Scarcity of food has resulted in malnutrition and other deadly diseases in underdeveloped regions of the world which ultimately increases the mortality rate. On the other hand, easy availability and abundance of food has resulted in obesity, cardiac problems, hepatitis, high blood pressure and other chronic diseases in rich and developed countries of the world, where the authorities have to spend a huge amount to treat these diseases.
We have to accept that the new world economic system and modern ideologies have drastically failed to tackle the problem of food crises in different parts of the world. Rather, the available facts depict that they have worsened the predicament. Rich nations have become masters of the world while the poor nations have become slaves, heavily indebted to huge loans from the World Bank and the IMF. Surplus food producing countries need to donate food to poor nations to end their food deficiency and to improve the living standard of people living in these underdeveloped regions. They should provide new food producing technologies to these poor nations to rescue them from starvation. World Bank and IMF should financially support and assist these regions to reduce their poverty and help them in sustainable economic development so that they can suffice in food production.
The FAO and WFP should launch innovative techniques and offer technical and development assistance to eradicate food crises in many regions of the world. The food producers in these regions should be provided with medical and other services for the development of agriculture sector. As the people in the conflict regions of the world are most vulnerable to starvation and food crises, these regions need extra attention of these agencies.
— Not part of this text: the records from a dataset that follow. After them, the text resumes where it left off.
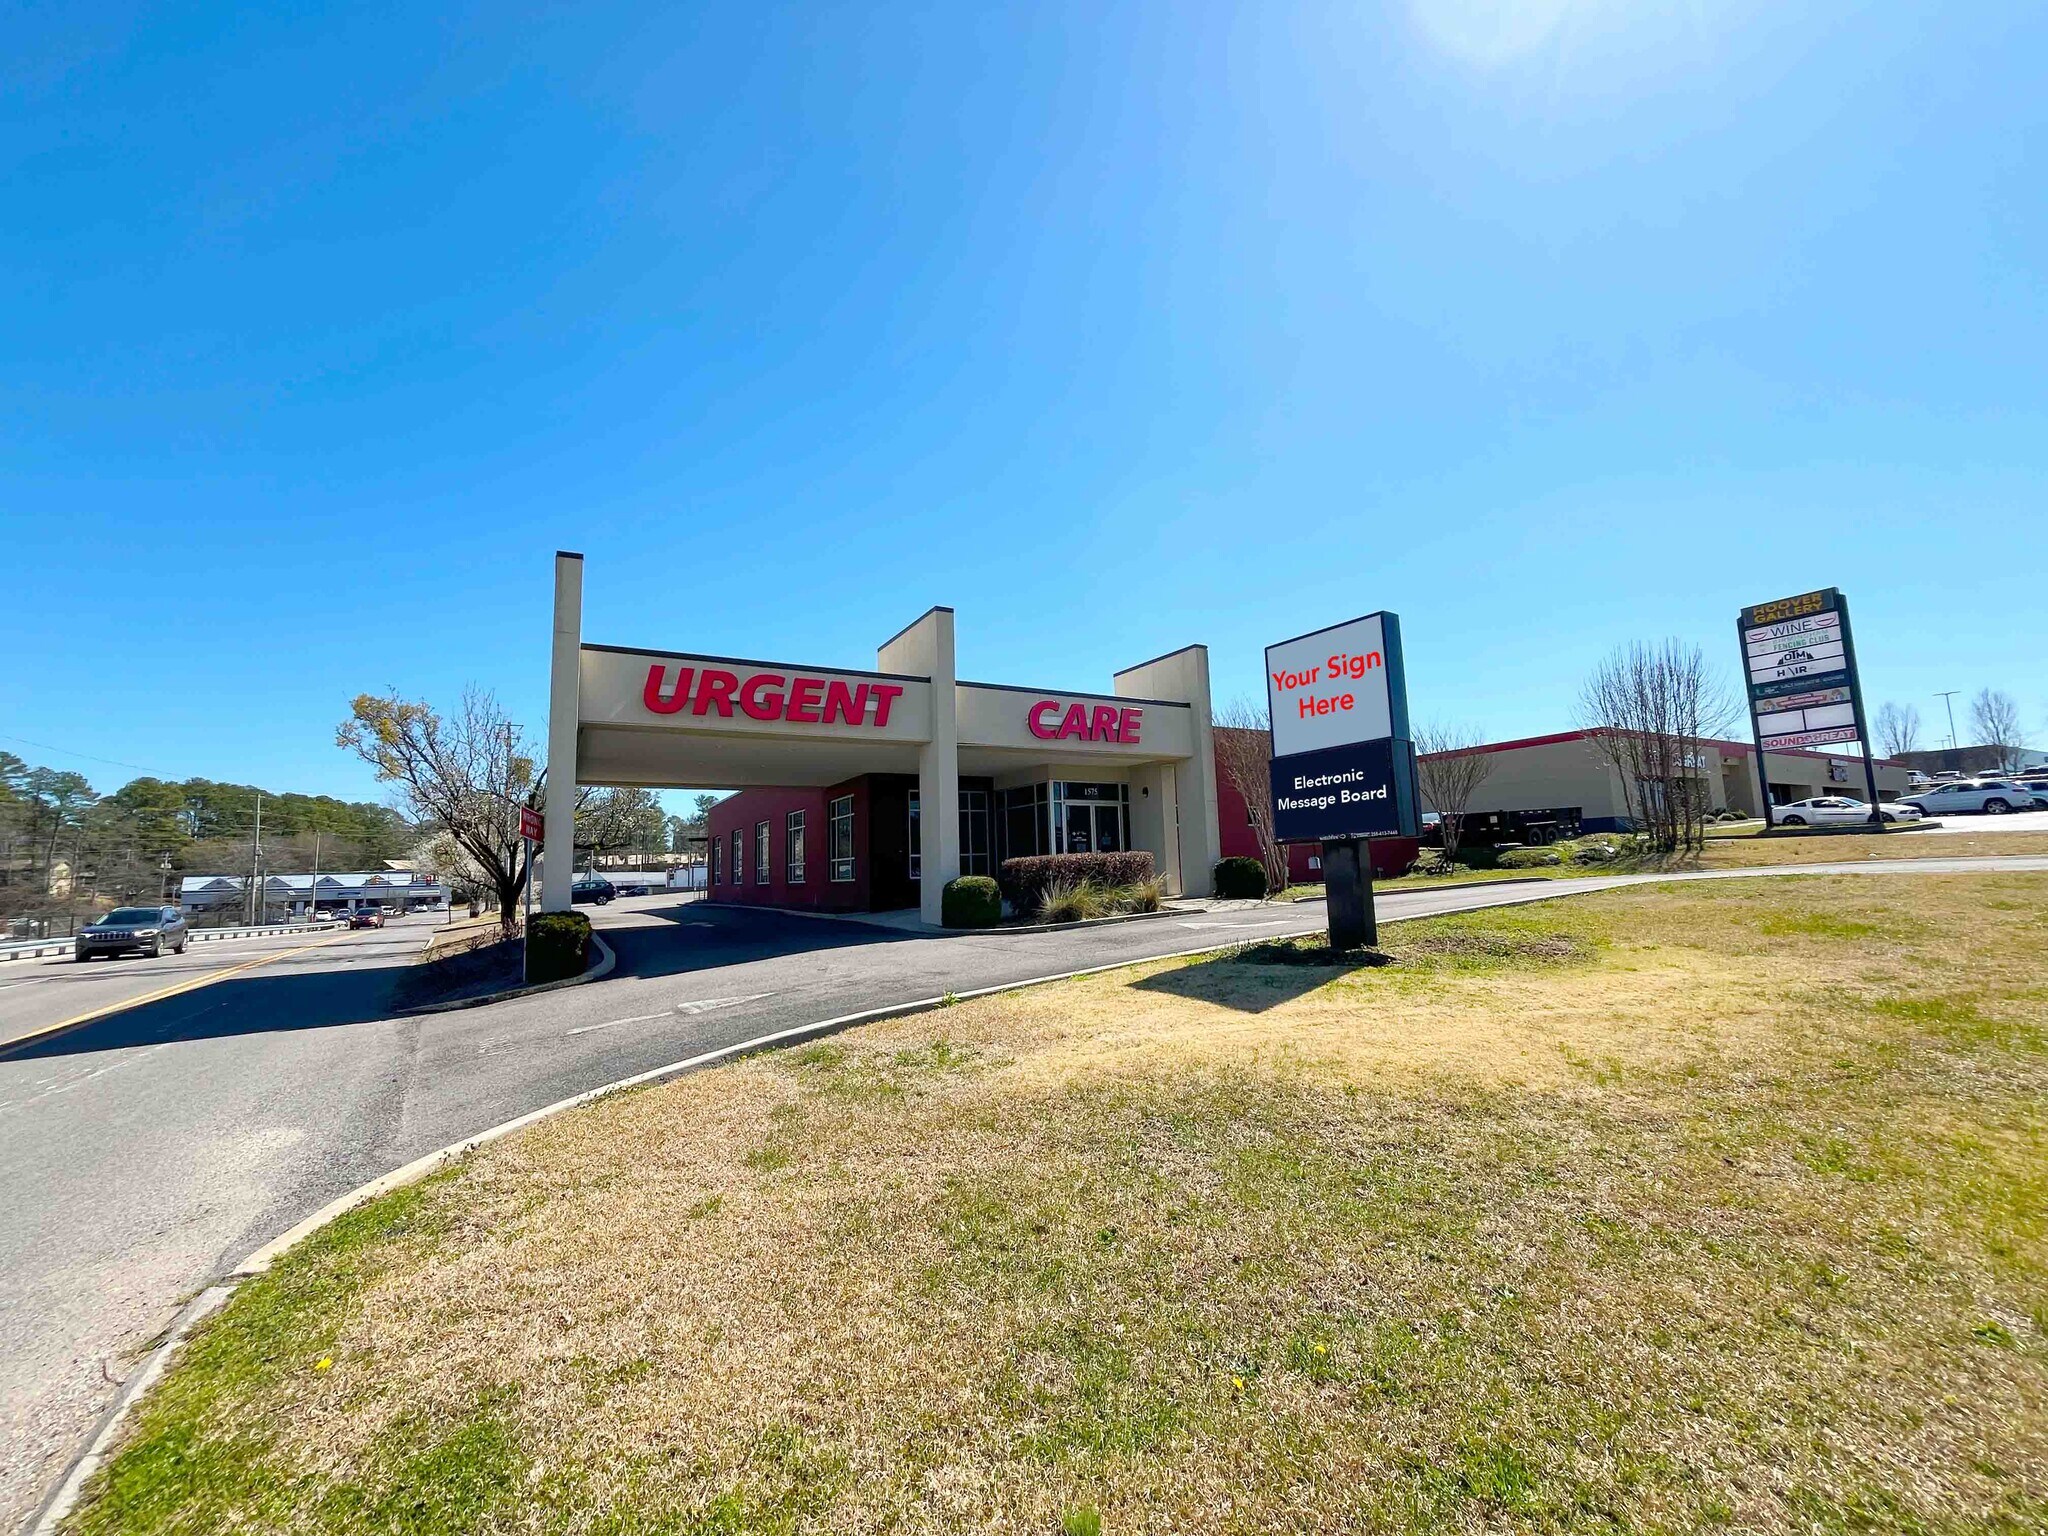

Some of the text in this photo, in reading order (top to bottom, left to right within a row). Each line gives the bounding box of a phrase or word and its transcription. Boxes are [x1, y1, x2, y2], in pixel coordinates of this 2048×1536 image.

[1754, 604, 1823, 623] GALLERY
[1755, 594, 1822, 614] HOOVER
[1770, 620, 1813, 636] WINE
[1773, 635, 1830, 651] FENCING CLUB
[1784, 650, 1806, 661] OTM
[1272, 651, 1381, 691] Your Sign
[643, 664, 1144, 744] URGENT CARE
[1299, 693, 1354, 719] Here
[1294, 768, 1364, 790] Electronic
[1084, 787, 1098, 796] 1575
[1278, 784, 1387, 810] Message Board
[525, 824, 538, 837] WAY
Climatic change is one of the major agents responsible for food crises in many parts of the world. Technical experts having expertise in food security and climatic change should be deployed to these regions to train people in new food producing techniques vis-à-vis climatic changes. As the world population is going to cross the eight billion mark, all the nations of the world have to invent new techniques and adopt new strategies to enhance their food production to feed their population.
Everyone among us is well aware about the fact that we are witnessing drastic climatic change, environmental pollution is on rise, global warming is increasing and arable land is decreasing due to desertification and urbanization, which is adversely affecting food production of the world. In these critical conditions, all nations must co-operate to face the challenge and save the world from hunger and starvation. Nations should end their conflicts and try to live in peace and harmony. Developed countries need to spend more on new food producing technologies than on arms and ammunition. Different world agencies should try to adopt and develop new strategies to eradicate the food disparity in different regions of the world.
Last but not least, everyone among us should behave as a responsible citizen and prevent wastage of food by making a habit of distributing and donating our surplus food to the needy, as it can be a great step towards eradication of hunger and starvation. Let me end with the sagacious saying of Wasif Ali Wasif: “If the poor are dying out of starvation, the rich will surely die of indigestion”.